Питер Гай - Фрейд
Случай Анны О. скорее отдалил, чем сблизил Фрейда и Брейера. Это ускорило прискорбное угасание и в конечном счете окончание долгой и полезной дружбы. С точки зрения Фрейда он был исследователем, который понял смелость открытий Брейера; развивая их, насколько это возможно, со всем их эротическим подтекстом, он неизбежно восстановил против себя щедрого учителя, который направлял его в начале карьеры. Однажды Брейер сказал о себе, что он одержим «демоном Но», и Фрейд был склонен интерпретировать такие оговорки – любые оговорки – как малодушное бегство с поля боя. Вне всяких сомнений, не меньшее раздражение вызывал и тот факт, что Фрейд был должен Брейеру деньги, которые тот отказывался брать. Его недовольное ворчание по поводу Брейера в 90-х годах – это классический случай неблагодарности, обида гордого должника на старшего по возрасту благодетеля.
Больше десяти лет Брейер был для Фрейда неисчерпаемым источником ободрения, любви, гостеприимства и финансовой поддержки, таких необходимых и долгое время высоко ценимых. Типичный для Фрейда жест, когда он назвал своего первого ребенка в честь фрау Брейер, милого и доброго друга для безденежного и честолюбивого врача, стал благодарным признанием этого внимательного покровительства. Это случилось в 1887 году, но уже в 1891-м отношения между двумя исследователями стали меняться. Фрейда глубоко разочаровала реакция Брейера на его книгу «К вопросу о трактовке афазии», которую, как мы знаем, будущий основатель психоанализа посвятил ему. «Едва поблагодарил меня, – с недоумением жаловался он свояченице Минне. – Был очень смущен и говорил о ней всякого рода непостижимые гадости, не вспомнив ничего хорошего, а в конце, чтобы успокоить меня, похвалил превосходный слог». В следующем году Фрейд сообщал о «битве» со своим «товарищем». В 1893 году, когда они с Брейером опубликовали совместную статью «Предуведомление» об исследовании истерии, он уже начал испытывать раздражение и считал, что Брейер стоит на пути его успехов в Вене. Год спустя Фрейд сообщил, что научные контакты с Брейером прекращены. В 1896-м он уже избегал Брейера и заявлял, что больше не испытывает нужды встречаться с ним.
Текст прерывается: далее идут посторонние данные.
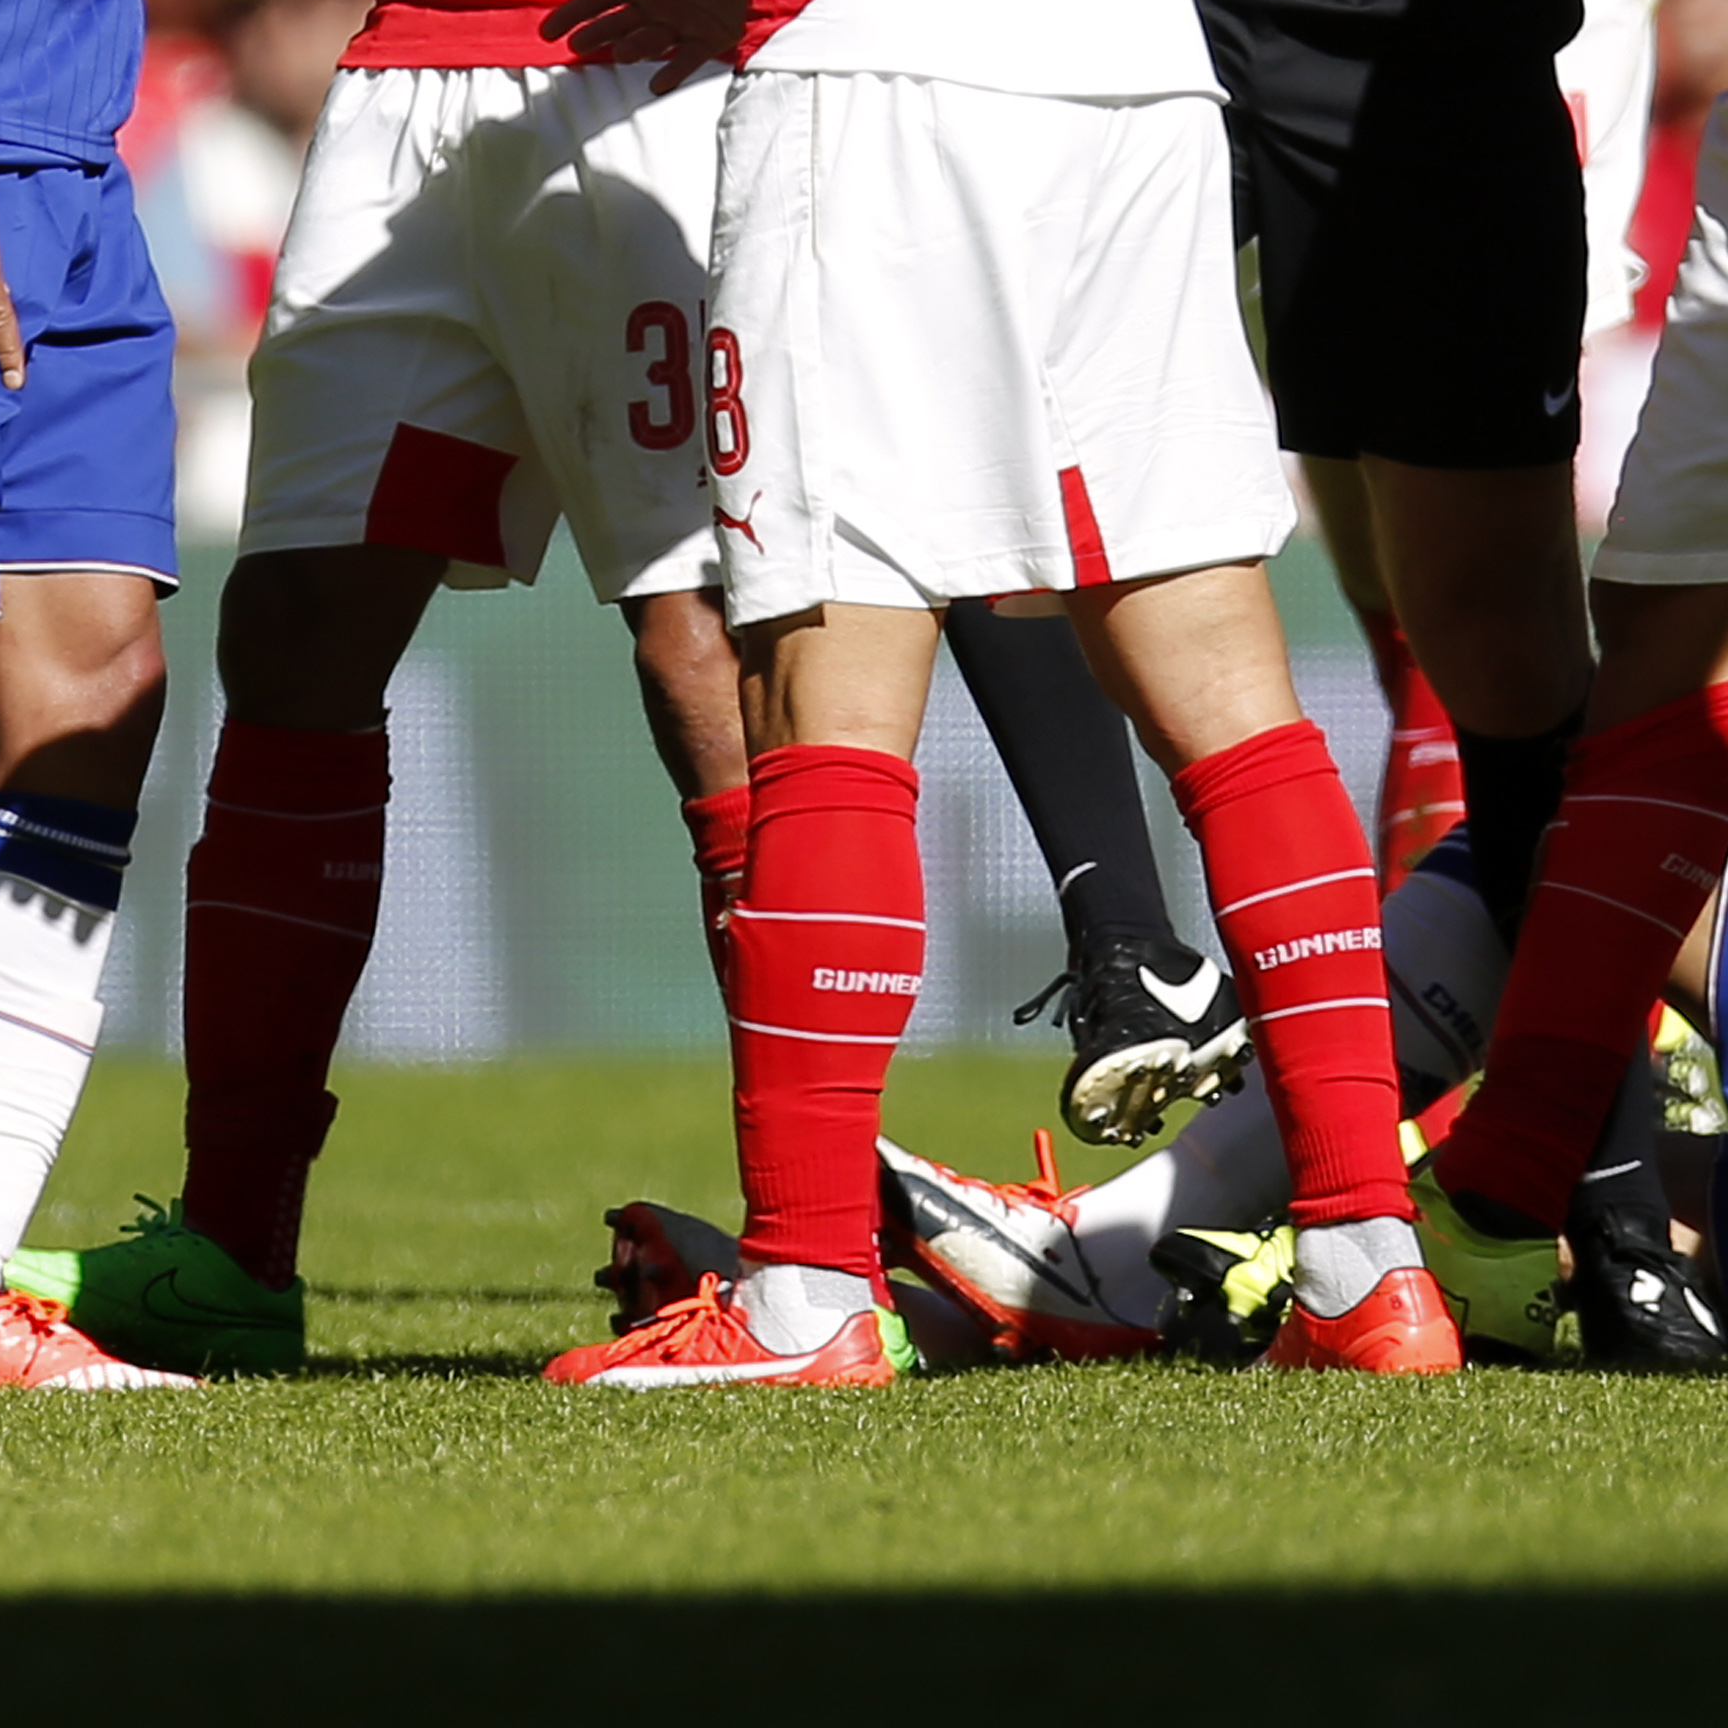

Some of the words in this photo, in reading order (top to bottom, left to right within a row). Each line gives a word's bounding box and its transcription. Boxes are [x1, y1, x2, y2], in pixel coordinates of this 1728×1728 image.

[625, 300, 707, 452] 3
[705, 327, 751, 477] 8
[812, 966, 924, 996] GUNNER
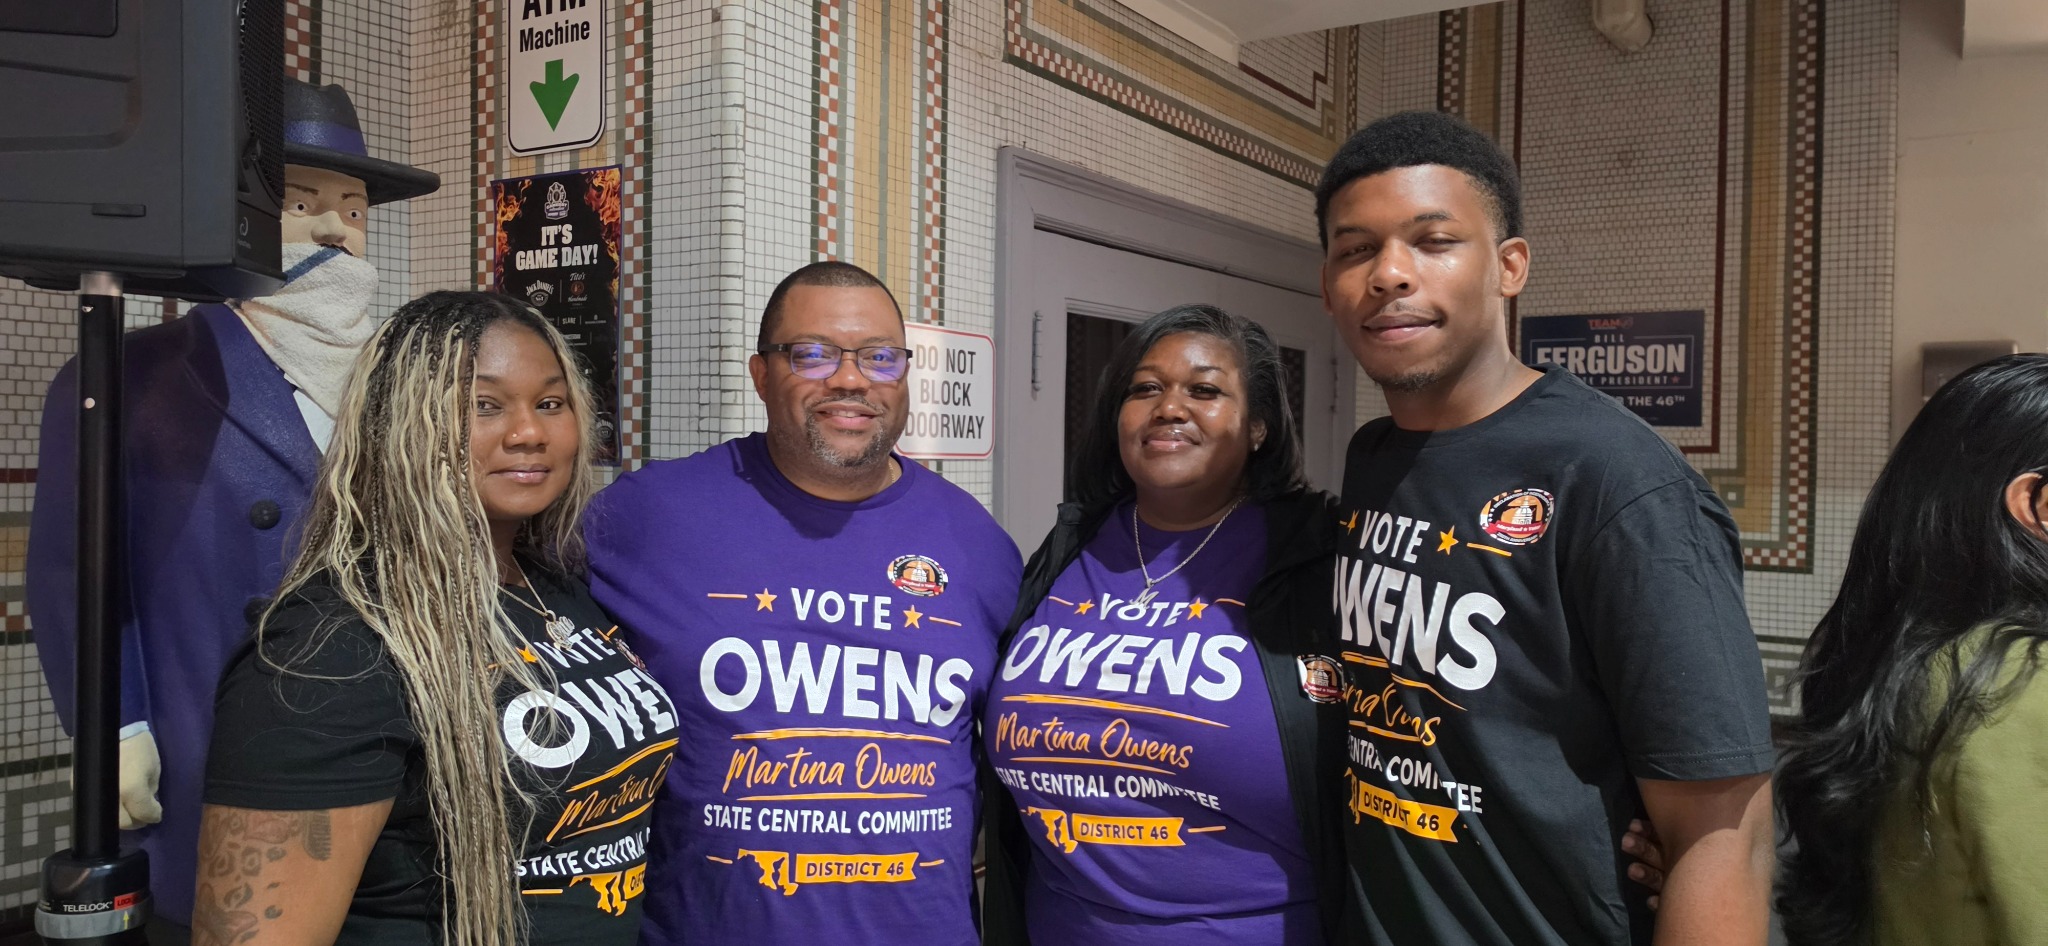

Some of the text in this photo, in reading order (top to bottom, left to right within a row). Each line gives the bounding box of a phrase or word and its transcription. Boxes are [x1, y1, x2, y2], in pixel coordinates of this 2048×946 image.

[520, 19, 590, 53] Machine
[541, 224, 573, 247] IT'S
[515, 244, 599, 271] GAME DAY!
[1594, 333, 1625, 343] BILL
[916, 344, 976, 375] DO NOT
[920, 379, 971, 407] BLOCK
[1601, 375, 1668, 385] PRESIDENT
[1627, 396, 1653, 406] THE
[905, 411, 985, 439] DOORWAY
[1359, 510, 1431, 564] VOTE
[791, 587, 892, 630] VOTE
[1100, 593, 1189, 627] VOTE
[1002, 624, 1248, 701] OWENS
[700, 637, 974, 727] OWENS
[996, 711, 1193, 769] Martina Owens
[722, 746, 845, 793] Martina
[856, 743, 936, 789] Owens
[1031, 771, 1109, 798] CENTRAL
[704, 803, 952, 835] STATE CENTRAL COMMITTEE
[1080, 822, 1169, 840] DISTRICT 46
[1417, 813, 1440, 832] 46
[514, 851, 583, 877] STATE
[806, 861, 905, 877] DISTRICT 46
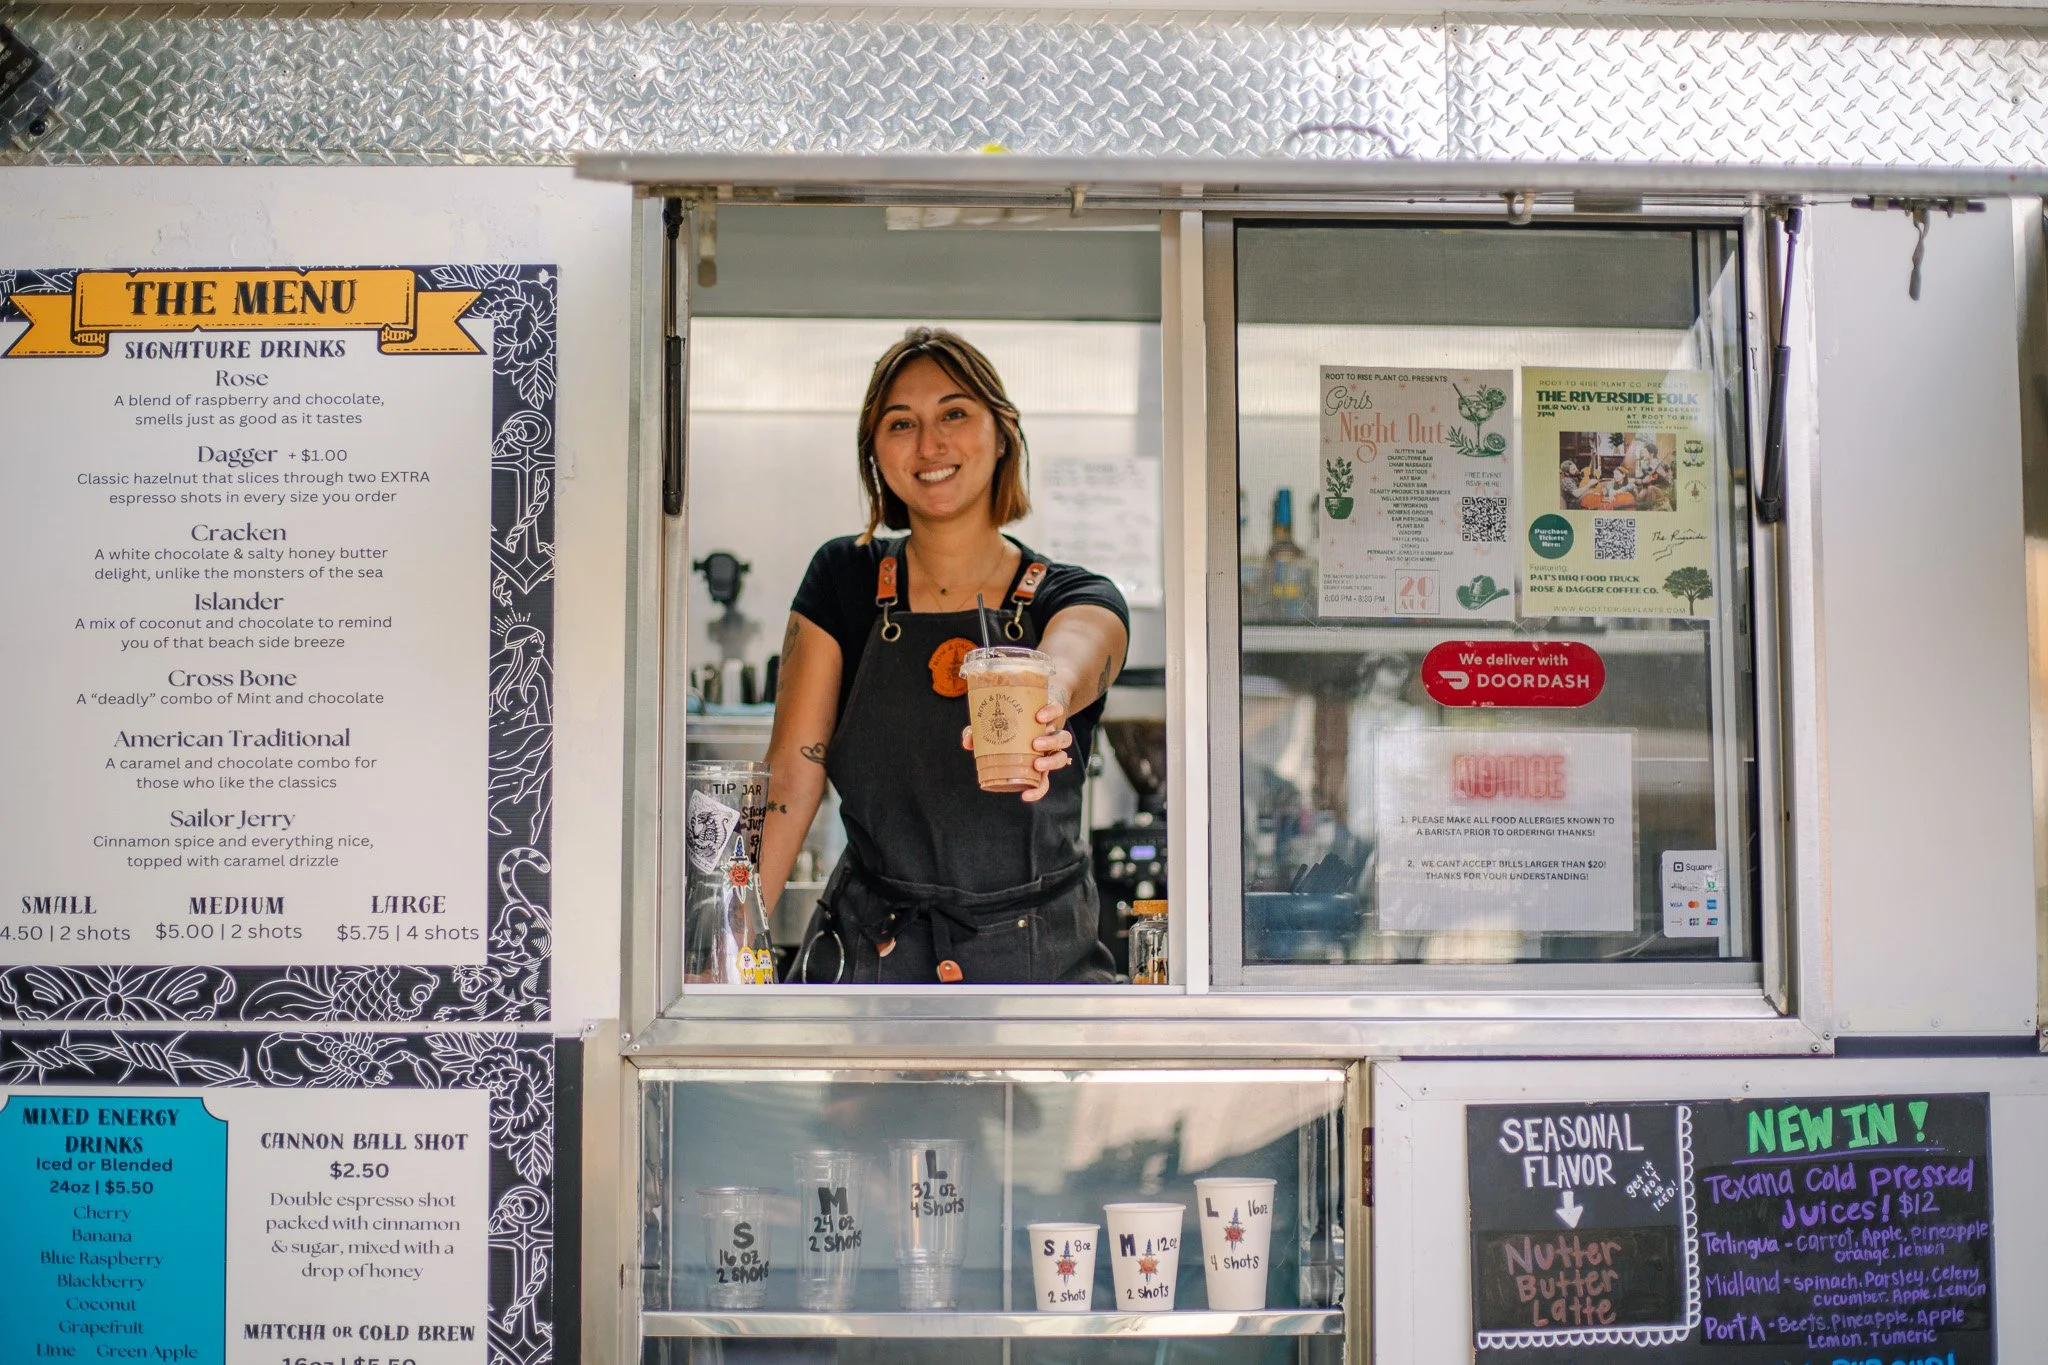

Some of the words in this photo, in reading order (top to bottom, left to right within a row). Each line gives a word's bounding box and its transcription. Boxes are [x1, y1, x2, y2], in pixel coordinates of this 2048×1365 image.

[126, 280, 217, 316] THE
[233, 279, 356, 315] MENU
[126, 341, 250, 359] SIGNATURE
[261, 340, 345, 357] DRINKS
[217, 371, 268, 386] Rose
[1325, 386, 1372, 416] Girls
[1537, 391, 1566, 402] THE
[1570, 391, 1654, 404] RIVERSIDE
[1657, 393, 1699, 404] FOLK
[1340, 412, 1400, 463] Night
[1408, 413, 1445, 444] Out
[199, 446, 277, 468] Dagger
[302, 449, 347, 463] $1.00
[192, 522, 286, 541] Cracken
[1400, 576, 1434, 597] 20
[196, 592, 283, 610] Islander
[1459, 653, 1482, 665] We
[1486, 653, 1534, 665] deliver
[1538, 654, 1568, 665] with
[168, 670, 233, 686] Cross
[240, 670, 296, 686] Bone
[1478, 674, 1589, 688] DOORDASH
[115, 731, 222, 747] American
[229, 728, 349, 746] Traditional
[1453, 755, 1565, 799] NOTICE
[713, 784, 736, 794] TIP
[742, 785, 761, 795] JAR
[171, 808, 234, 827] Sailor
[237, 810, 296, 830] Jerry
[1421, 860, 1435, 868] WE
[1436, 860, 1460, 868] CANT
[1463, 860, 1496, 868] ACCEPT
[1499, 860, 1523, 868] BILLS
[1525, 860, 1559, 868] LARGER
[1561, 860, 1585, 868] THAN
[1426, 872, 1461, 880] THANKS
[1464, 872, 1481, 880] FOR
[1483, 872, 1507, 880] YOUR
[1510, 872, 1588, 880] UNDERSTANDING!
[22, 896, 96, 914] SMALL
[190, 897, 283, 914] MEDIUM
[372, 896, 445, 913] LARGE
[156, 922, 213, 940] $5.00
[232, 924, 241, 938] 2
[248, 924, 302, 938] shots
[23, 1108, 88, 1124] MIXED
[99, 1109, 178, 1125] ENERGY
[1500, 1114, 1644, 1153] SEASONAL
[1749, 1105, 1832, 1153] NEW
[66, 1137, 142, 1153] DRINKS
[261, 1133, 343, 1149] CANNON
[354, 1134, 406, 1149] BALL
[415, 1134, 468, 1150] SHOT
[330, 1161, 389, 1179] $2.50
[925, 1150, 948, 1179] L
[1524, 1154, 1616, 1188] FLAVOR
[50, 1181, 89, 1193] 24oz
[105, 1180, 153, 1195] $5.50
[912, 1181, 934, 1199] 32
[940, 1184, 957, 1197] oz
[1626, 1173, 1644, 1197] get
[1642, 1171, 1662, 1196] HOT
[1703, 1169, 1794, 1204] Texana
[818, 1187, 848, 1215] M
[1653, 1180, 1678, 1211] ICED!
[1899, 1191, 1940, 1218] $12
[74, 1205, 128, 1222] Cherry
[814, 1216, 833, 1233] 24
[839, 1216, 855, 1231] oz
[73, 1229, 131, 1242] Banana
[733, 1222, 754, 1248] S
[1157, 1239, 1177, 1251] 12oz
[1701, 1232, 1780, 1259] Terlingua
[41, 1250, 74, 1264] Blue
[80, 1252, 162, 1269] Raspberry
[719, 1249, 736, 1266] 16
[741, 1250, 760, 1265] oz
[1504, 1236, 1622, 1275] Nutter
[58, 1273, 143, 1291] Blackberry
[716, 1269, 728, 1284] 2
[1515, 1269, 1619, 1301] Butter
[1705, 1269, 1780, 1298] Midland
[66, 1298, 135, 1311] Coconut
[1533, 1296, 1616, 1327] Latte
[59, 1320, 142, 1337] Grapefruit
[245, 1324, 325, 1340] MATCHA
[333, 1327, 352, 1337] OR
[359, 1325, 408, 1340] COLD
[418, 1326, 475, 1341] BREW
[1750, 1315, 1766, 1341] A
[37, 1343, 75, 1356] Lime
[97, 1346, 148, 1357] Green
[152, 1345, 197, 1362] Apple
Идеализация давнего друга, подобно любой идеализации обреченная превратиться в разочарование, стала причиной резкости и язвительности. «Мой гнев на Брейера получил новую пищу», – писал он в 1898 году. Как сообщил Фрейду один из пациентов, Брейер рассказывал, что прекратил отношения с Фрейдом из-за того, что тот не может согласиться с его образом жизни и тем, как он распоряжается своими финансами. Фрейд, который по-прежнему был должником Брейера, расценил это как невротическое лицемерие. Хотя, наверное, сие было бы лучше назвать добродушной и, возможно, неуместной дружеской заботой.
Так или иначе, долг Фрейда Брейеру выражался не только в деньгах. Именно Брейер «познакомил» Фрейда с катарсисом и помог ему освободиться от мысли о бесполезных методах психотерапии, применявшихся в то время. Именно Брейер рассказал Фрейду самые важные подробности о болезни Анны О., о которой у него самого остались неоднозначные воспоминания. Кроме того, научный метод Брейера мог послужить Фрейду примером, в целом достойным восхищения: Брейер был одновременно неистощимым генератором научных идей и внимательным наблюдателем, хотя временами его воображение брало вверх над наблюдательностью – как и у Фрейда. На самом деле Брейер очень хорошо осознавал пропасть, зачастую разделявшую гипотезу и знание; в «Исследовании истерии» он цитировал Тезея из шекспировской комедии «Сон в летнюю ночь», который говорит о трагедиях: «Даже самая лучшая из них – всего лишь игра теней» – и выражает надежду на, по крайней мере, какое-то соответствие представлений врача об истерии реальному положению дел.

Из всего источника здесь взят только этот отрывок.